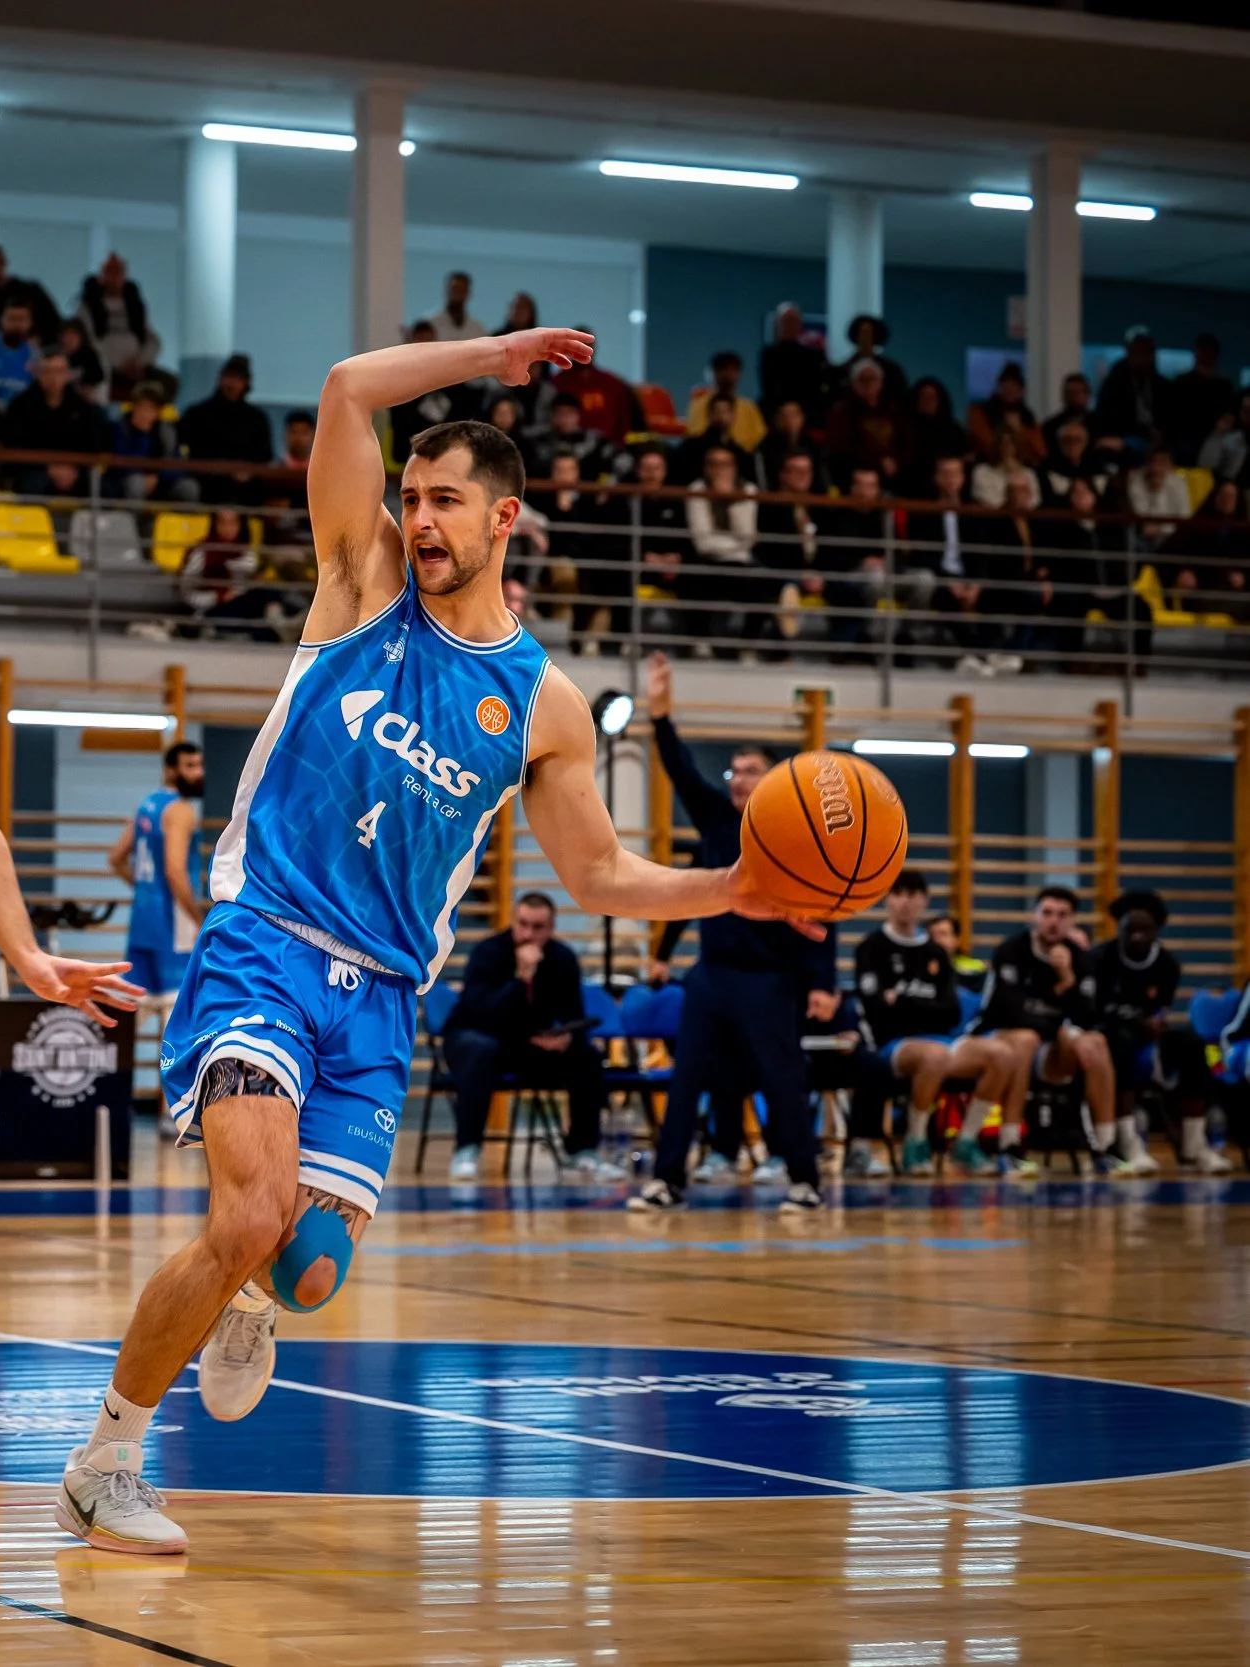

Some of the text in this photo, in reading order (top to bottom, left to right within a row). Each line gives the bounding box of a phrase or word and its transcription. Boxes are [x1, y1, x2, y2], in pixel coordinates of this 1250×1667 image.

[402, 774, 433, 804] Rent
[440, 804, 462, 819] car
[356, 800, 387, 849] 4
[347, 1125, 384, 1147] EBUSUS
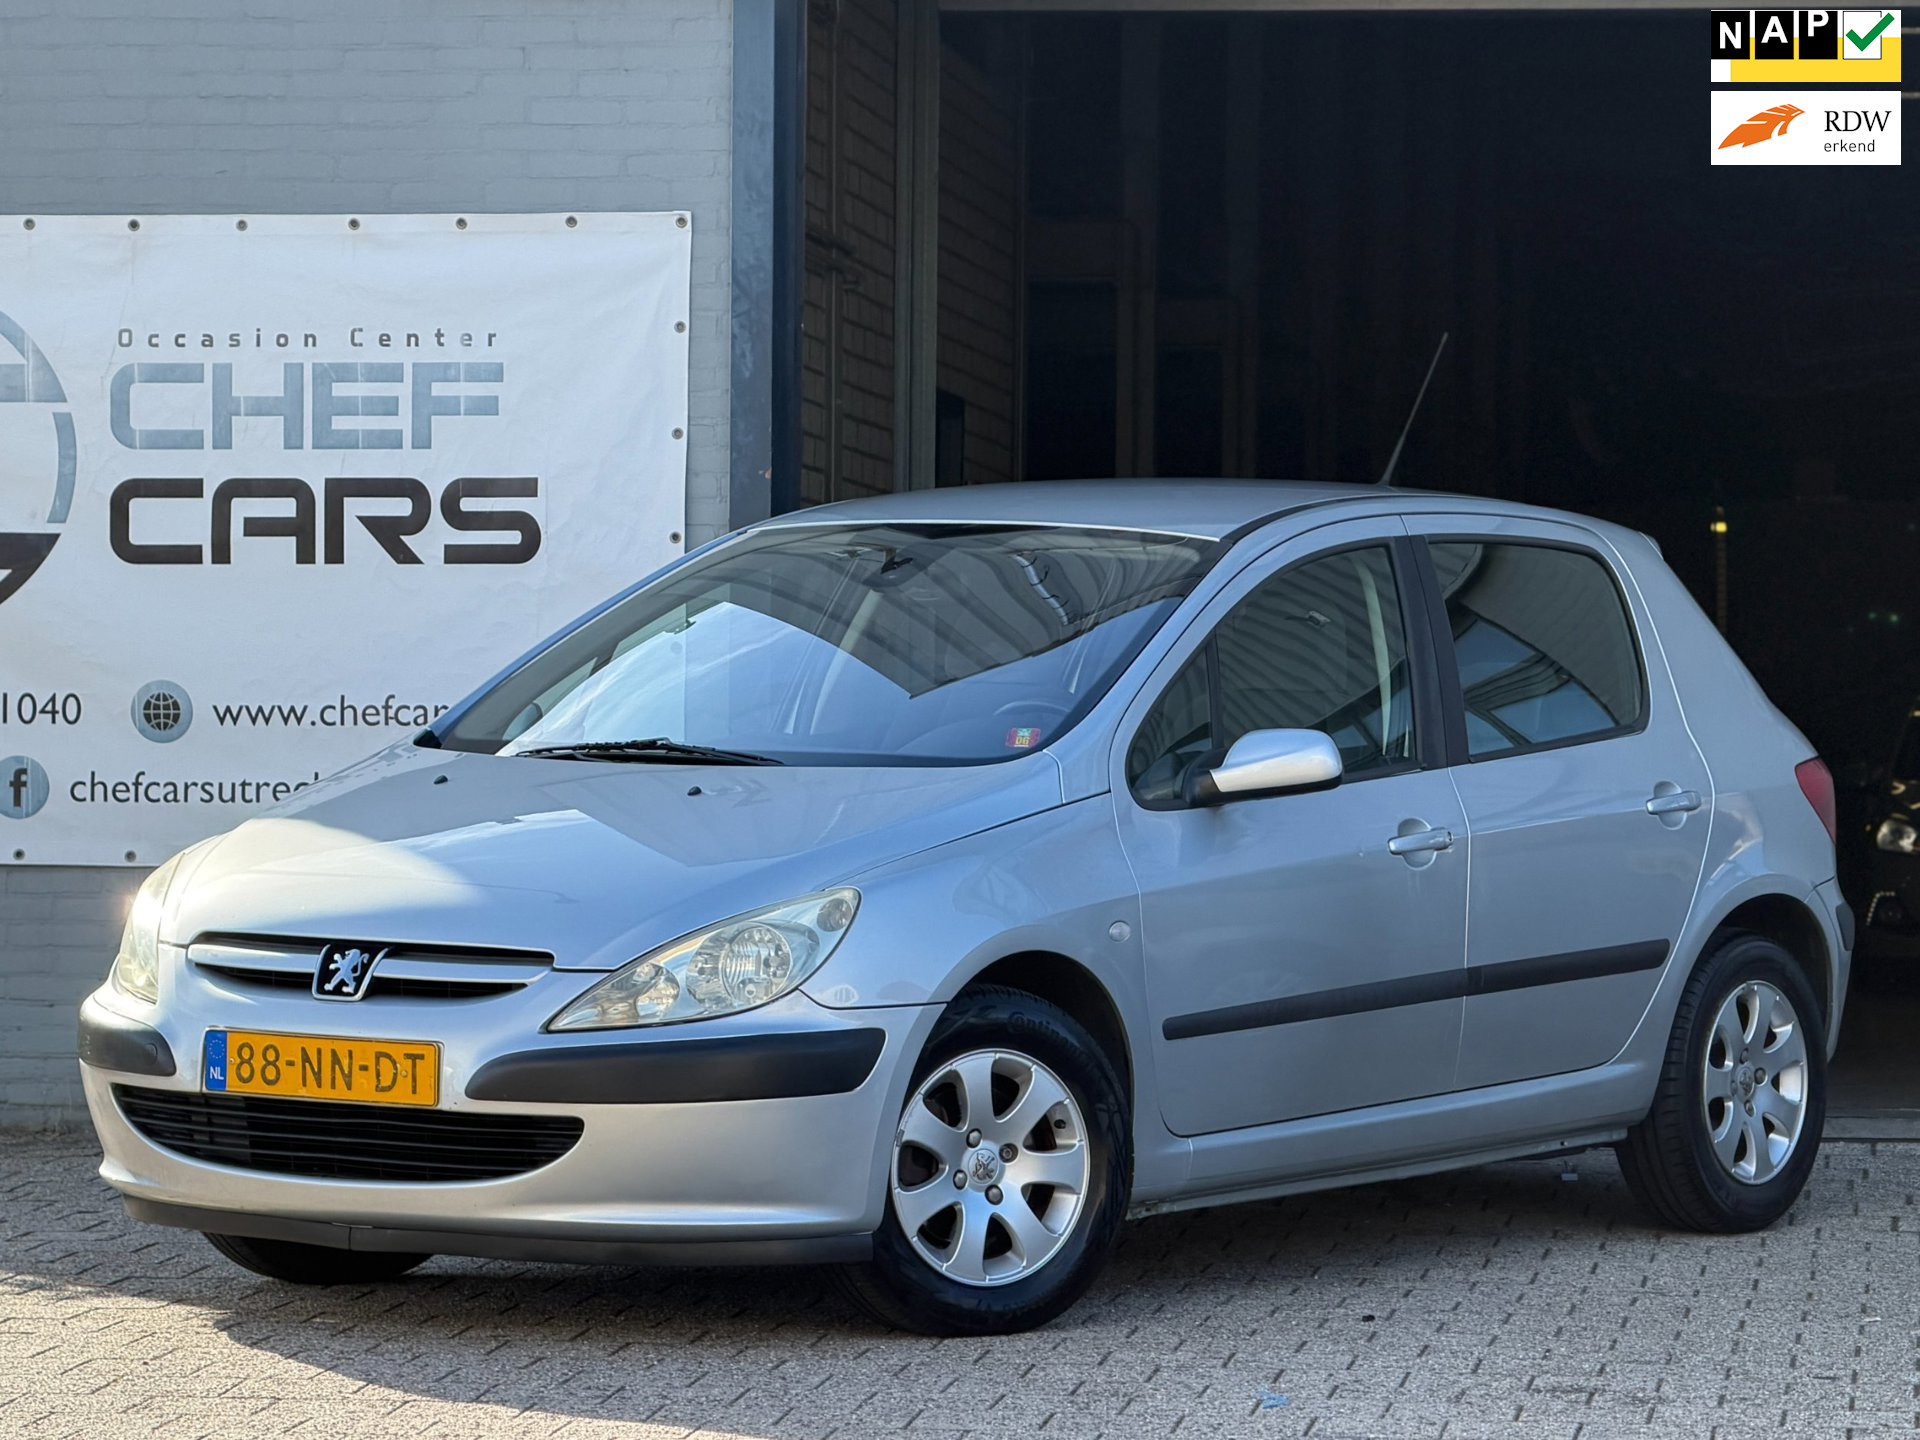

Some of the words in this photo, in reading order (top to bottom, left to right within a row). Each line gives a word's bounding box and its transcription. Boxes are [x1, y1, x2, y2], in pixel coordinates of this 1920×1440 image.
-=-=-=-=-
TASK DESCRIPTION: Output every record verbatim, excluding any picture it contains.

YOUR RESPONSE:
Some of the text in this photo, in reading order (top to bottom, left to right within a row). Each line gives the bounding box of a phrase or word and its transcription. Boxes are [x1, y1, x2, y2], in pixel coordinates of this 1250×1667 image.

[402, 774, 433, 804] Rent
[440, 804, 462, 819] car
[356, 800, 387, 849] 4
[347, 1125, 384, 1147] EBUSUS

Some of the words in this photo, in reading order (top to bottom, left to right within a row). Each line gives a word's bounding box and its transcription. Boxes are [x1, y1, x2, y2], in pixel coordinates of this 1920×1440 image.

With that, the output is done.